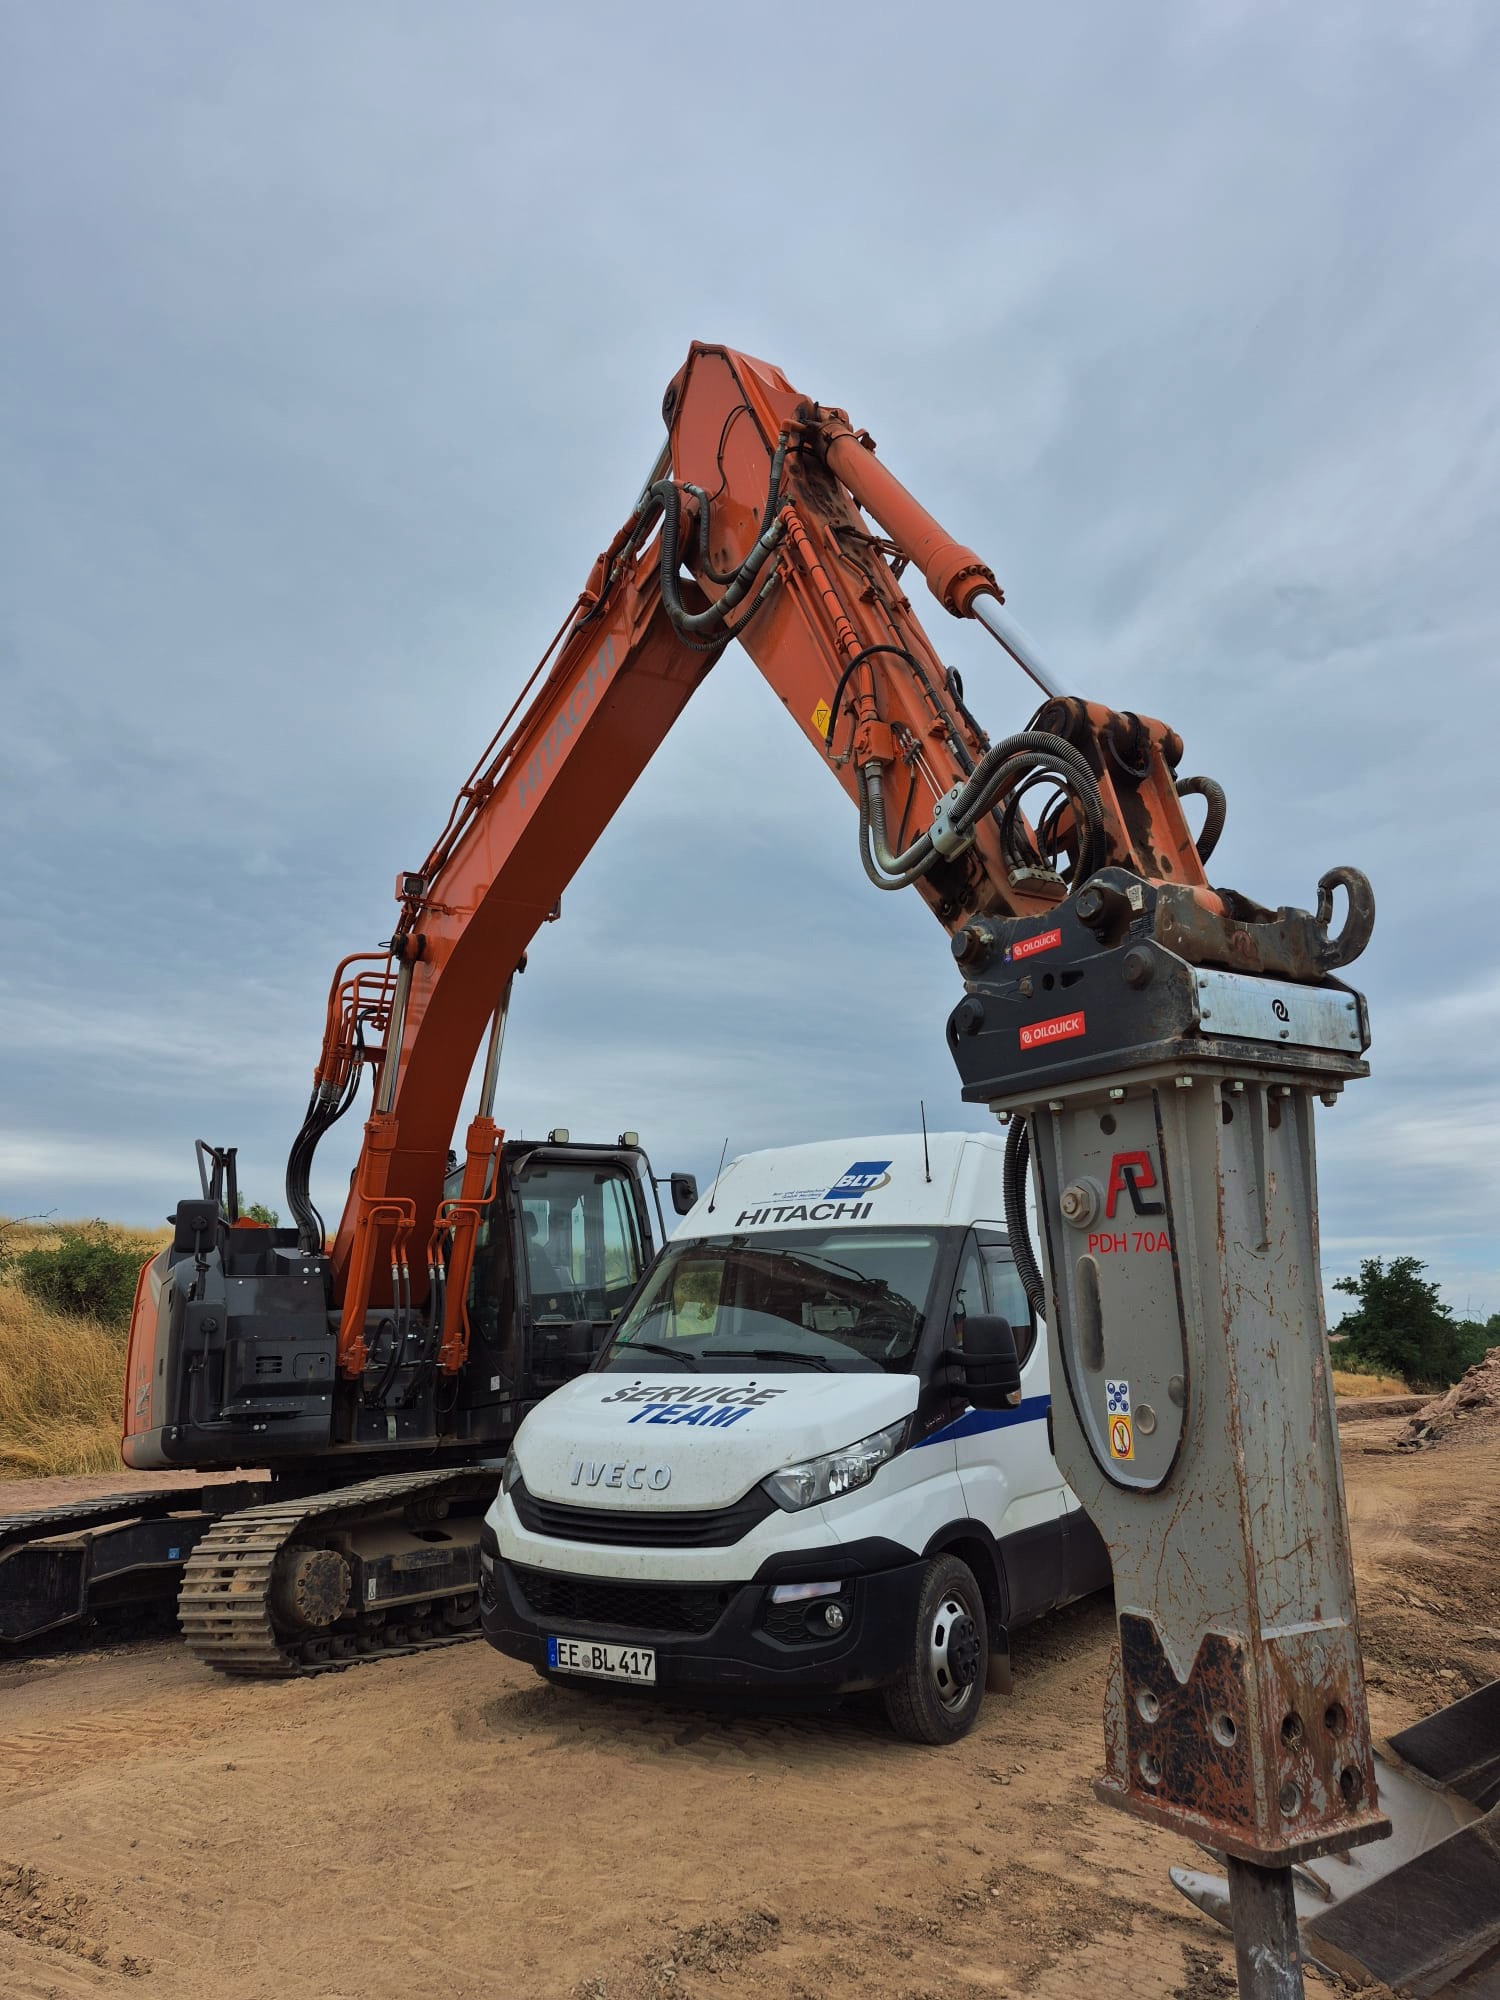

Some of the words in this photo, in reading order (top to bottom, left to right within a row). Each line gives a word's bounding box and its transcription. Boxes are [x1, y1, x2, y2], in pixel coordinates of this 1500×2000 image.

[518, 632, 616, 810] HITACHI
[1022, 934, 1057, 953] OILQUICK
[1033, 1018, 1080, 1040] OILQUICK
[735, 1202, 873, 1227] HITACHI
[1087, 1232, 1128, 1254] PDH
[1131, 1231, 1172, 1253] 70A
[601, 1386, 788, 1406] SERVICE
[627, 1403, 755, 1427] TEAM
[569, 1459, 672, 1491] IVECO
[558, 1642, 580, 1667] EE
[591, 1646, 615, 1672] BL
[618, 1650, 653, 1676] 417

■ TASK REQUIREMENTS ■
Reproduce all of the data exactly, omitting each picture it holds.

■ YOUR RESPONSE ■
Some of the words in this photo, in reading order (top to bottom, left to right within a row). Each line gives a word's bounding box and its transcription. Boxes are [x1, y1, x2, y2], in pixel coordinates of this 1500×2000 image.

[518, 632, 616, 810] HITACHI
[1022, 934, 1057, 953] OILQUICK
[1033, 1018, 1080, 1040] OILQUICK
[735, 1202, 873, 1227] HITACHI
[1087, 1232, 1128, 1254] PDH
[1131, 1231, 1172, 1253] 70A
[601, 1386, 788, 1406] SERVICE
[627, 1403, 755, 1427] TEAM
[569, 1459, 672, 1491] IVECO
[558, 1642, 580, 1667] EE
[591, 1646, 615, 1672] BL
[618, 1650, 653, 1676] 417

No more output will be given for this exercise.